Fidèle à l’esprit de la prospective, prenant résolument de la distance par rapport aux questions sur lesquelles se cristallisent des débats enflammés, ce dossier entend rendre compte de manière sereine et approfondie de l’évolution des croyances et des pratiques religieuses dans le monde, et examiner comment celles-ci influencent les changements de valeurs et de comportements.

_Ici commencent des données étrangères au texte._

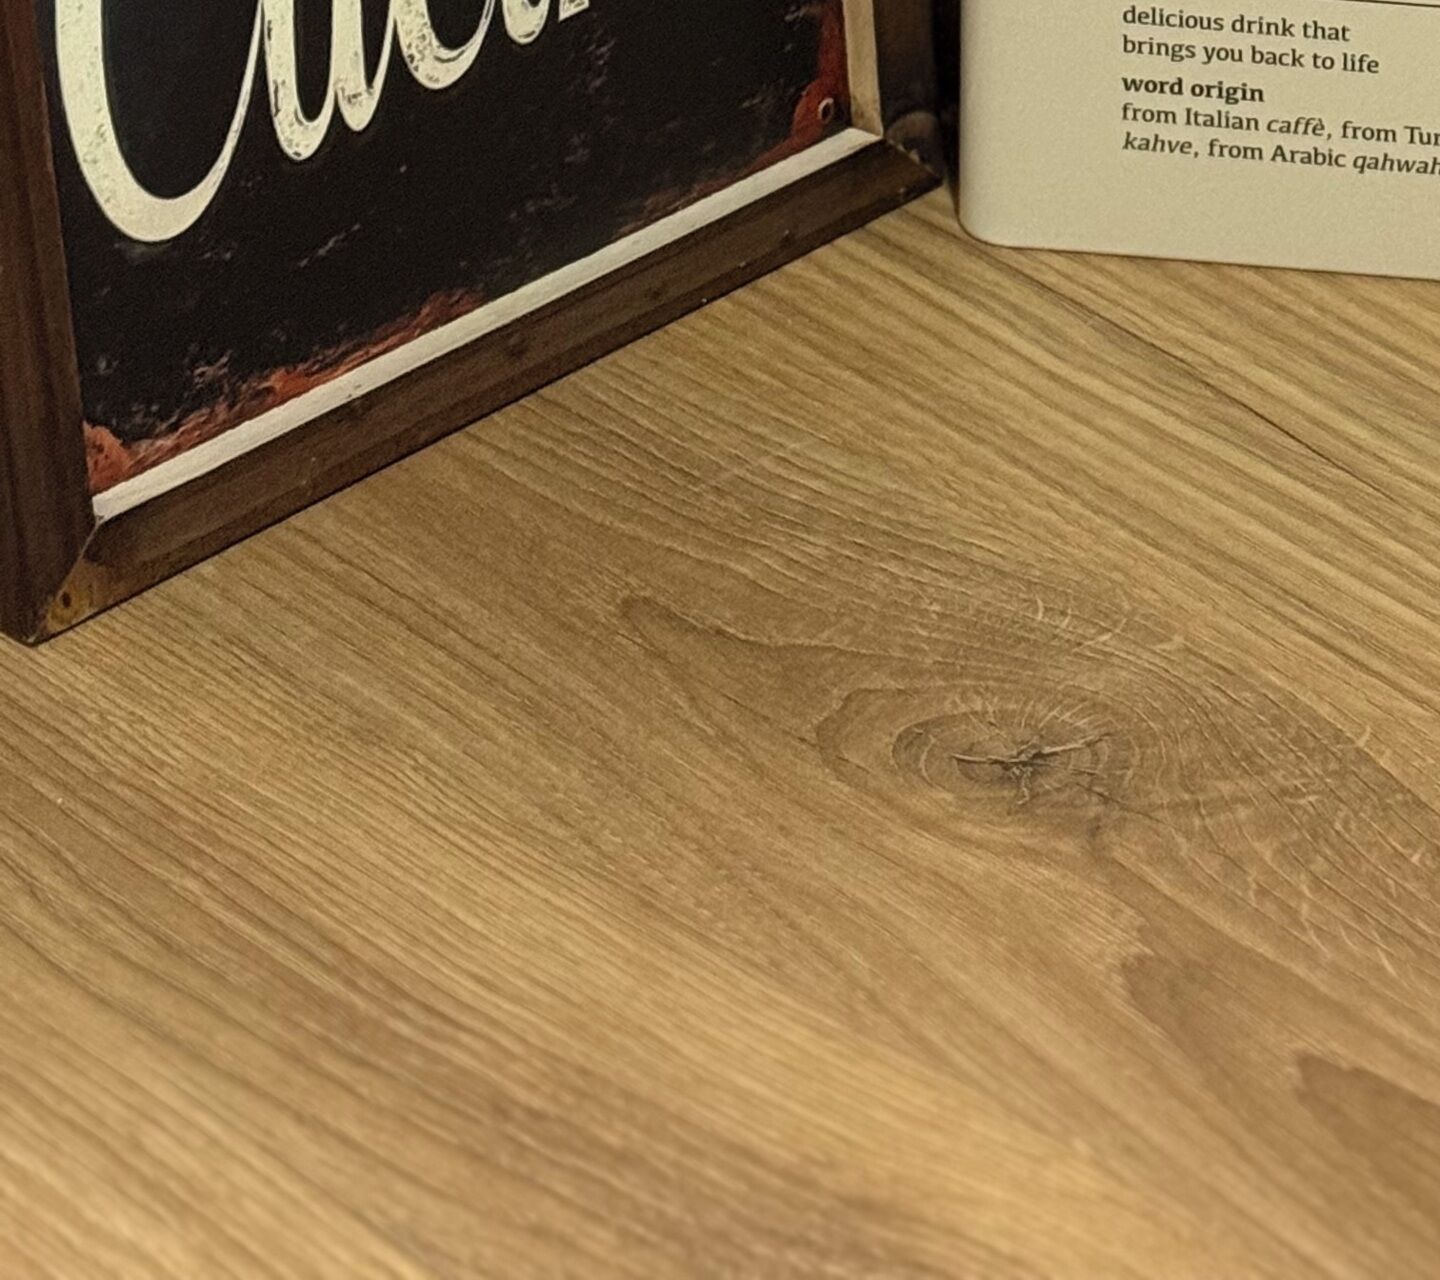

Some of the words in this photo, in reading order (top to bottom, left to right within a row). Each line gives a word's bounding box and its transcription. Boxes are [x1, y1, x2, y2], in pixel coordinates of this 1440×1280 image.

[1122, 4, 1225, 32] delicious
[1230, 13, 1296, 38] drink
[1302, 19, 1351, 43] that
[1122, 33, 1197, 63] brings
[1202, 45, 1244, 66] you
[1250, 44, 1305, 69] back
[1311, 52, 1336, 71] to
[1341, 51, 1380, 74] life
[1121, 75, 1185, 96] word
[1189, 80, 1265, 106] origin
[1121, 102, 1178, 125] from
[1184, 107, 1260, 132] Italian
[1266, 116, 1333, 142] caffè,
[1340, 120, 1398, 144] from
[1121, 130, 1200, 159] kahve,
[1207, 137, 1264, 162] from
[1270, 144, 1347, 168] Arabic

Ainsi, après un rappel des évolutions passées et une analyse des tendances d’avenir des grandes religions dans le monde, se trouve ici plus précisément expliquée l’influence du facteur religieux sur l’évolution des systèmes de valeurs des Européens, par exemple à l’aune de l’importance accordée à la famille, aux comportements sociaux, au libéralisme… ; sont aussi précisées les similitudes et différences entre Européens en fonction de leur identité religieuse. Cette analyse est complétée par un article exposant comment cohabitent, parfois se confondent ou, au contraire, se distinguent, en Europe, les États et les Églises.

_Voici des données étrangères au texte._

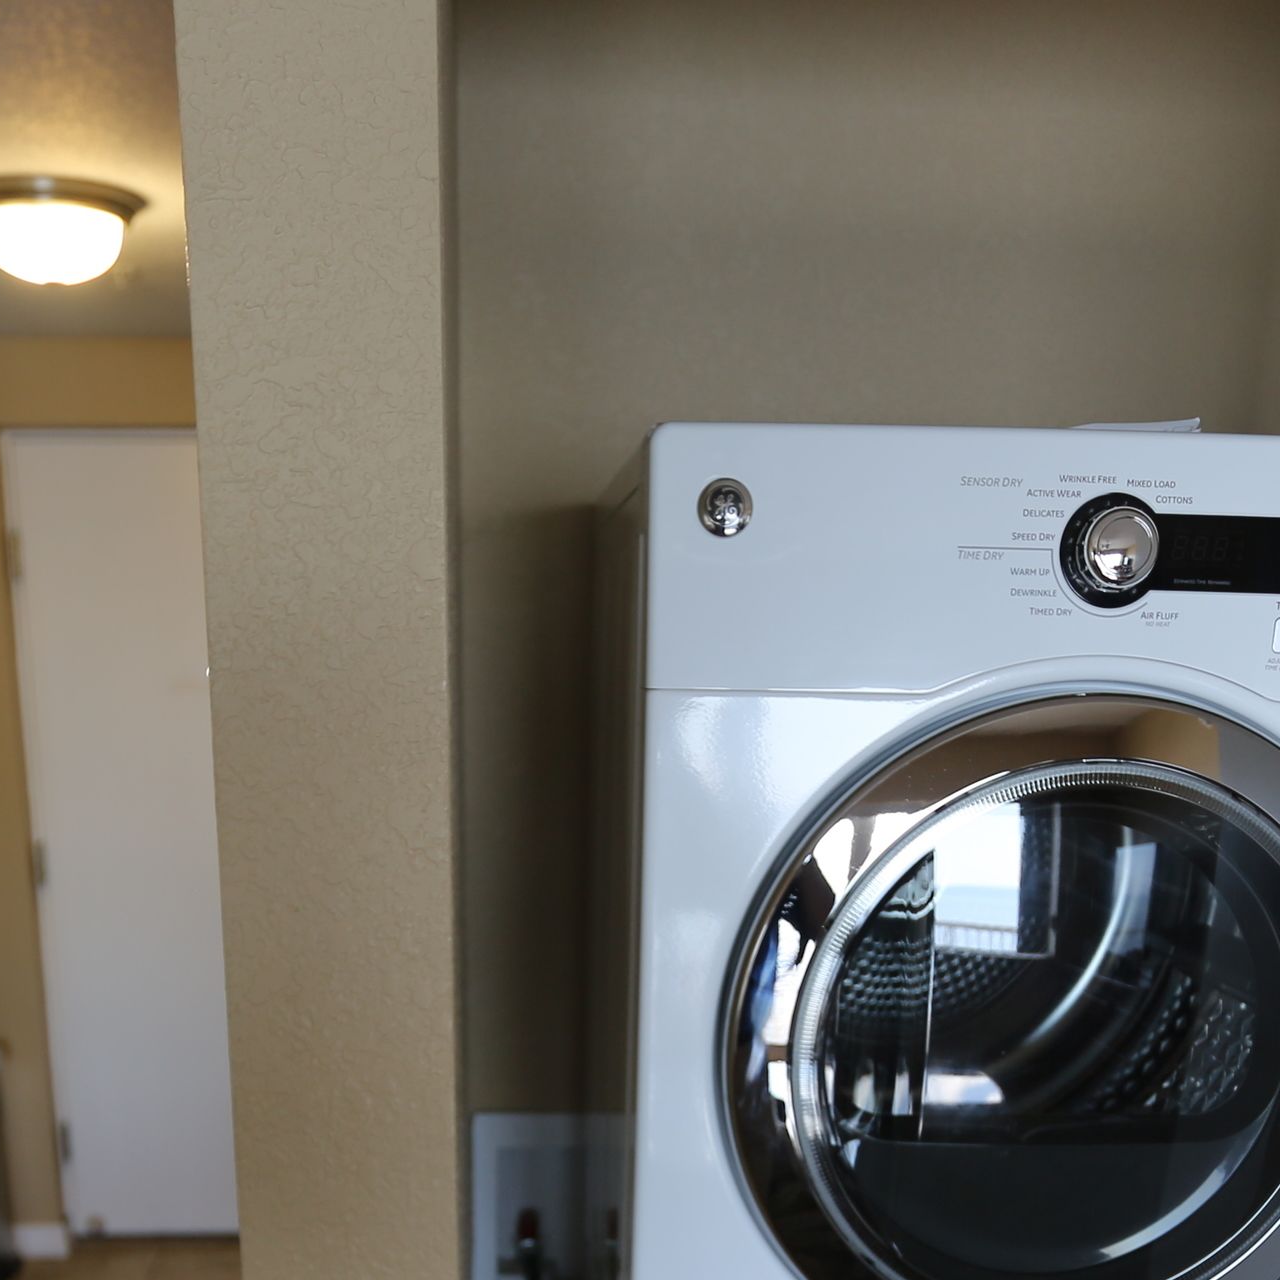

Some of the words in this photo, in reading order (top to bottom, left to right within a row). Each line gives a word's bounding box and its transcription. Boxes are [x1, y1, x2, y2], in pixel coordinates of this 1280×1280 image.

[960, 476, 1000, 488] SENSOR
[1002, 477, 1024, 489] DRY
[1059, 474, 1096, 484] WRINKLE
[1098, 475, 1118, 485] FREE
[1127, 478, 1153, 489] MIXED
[1154, 479, 1177, 489] LOAD
[1026, 488, 1055, 498] ACTIVE
[1057, 489, 1082, 499] WEAR
[1155, 495, 1193, 505] COTTONS
[1022, 508, 1065, 519] DELICATES
[1011, 532, 1037, 542] SPEED
[1039, 532, 1056, 542] DRY
[958, 550, 981, 561] TIME
[983, 551, 1004, 561] DRY
[1010, 567, 1037, 577] WARM
[1038, 567, 1050, 577] UP
[1010, 587, 1057, 598] DEWRINKLE
[1029, 607, 1054, 617] TIMED
[1055, 607, 1073, 617] DRY
[1140, 611, 1154, 621] AIR
[1156, 611, 1179, 622] FLUFF

Une attention particulière est en outre portée à la présence de populations de religion musulmane en Europe et aux différentes formes d’expression, tant publiques que privées, de l’islam dans les pays européens. Au-delà de l’Europe, on aborde évidemment dans ce dossier le rôle politique que prennent, dans le prolongement des « printemps arabes », les différents courants se réclamant de l’islam dans les pays du monde arabe.
Ainsi, les auteurs de ce dossier spécial s’attachent-ils à expliquer quels sont les différents courants religieux et comment s’intègrent, dans une Europe sécularisée, les différentes populations en fonction de leur appartenance religieuse, en quoi lesdites appartenances ou, à l’inverse, le rejet des religions influencent la dynamique de nos sociétés, éventuellement suscitent des clivages, voire des conflits que d’aucuns qualifient de culturels, d’autres de sociologiques ou politiques, sinon de « civilisationnels [2] » .

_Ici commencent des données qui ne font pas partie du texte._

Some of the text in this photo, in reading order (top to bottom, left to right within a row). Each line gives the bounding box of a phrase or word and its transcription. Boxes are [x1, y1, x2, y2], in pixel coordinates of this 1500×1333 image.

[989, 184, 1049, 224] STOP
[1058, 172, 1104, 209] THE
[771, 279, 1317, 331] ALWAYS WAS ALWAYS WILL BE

Nous assistons à un certain retour du religieux dans les débats actuels sur l’avenir de nos sociétés. Nous assistons également à des phénomènes évidents de radicalisation religieuse, et sommes conscients du poids semble-t-il croissant des intégrismes et des fondamentalismes, de différentes obédiences et en différents pays. Ceux-ci font aussi l’objet d’un article fort éclairant qui les remet en perspective et en explore les développements possibles.
Faire abstraction de ces phénomènes ou en surestimer l’importance ne serait pas faire preuve de la vigilance et du discernement auxquels nous invite la prospective. Refusant les amalgames trompeurs, les auteurs de ce dossier spécial sur l’impact social et politique des religions s’attachent à nous éclairer sur les tendances à l’œuvre, les incertitudes majeures, voire l’impact possible des appartenances et des courants religieux sur l’évolution de nos sociétés, y compris celles qui – comme en France – sont de longue date attachées aux valeurs de laïcité.
Ce dossier spécial sur l’influence des mouvements religieux doit beaucoup à Pierre Bréchon, qui en a assuré la direction scientifique et que je tiens ici à remercier.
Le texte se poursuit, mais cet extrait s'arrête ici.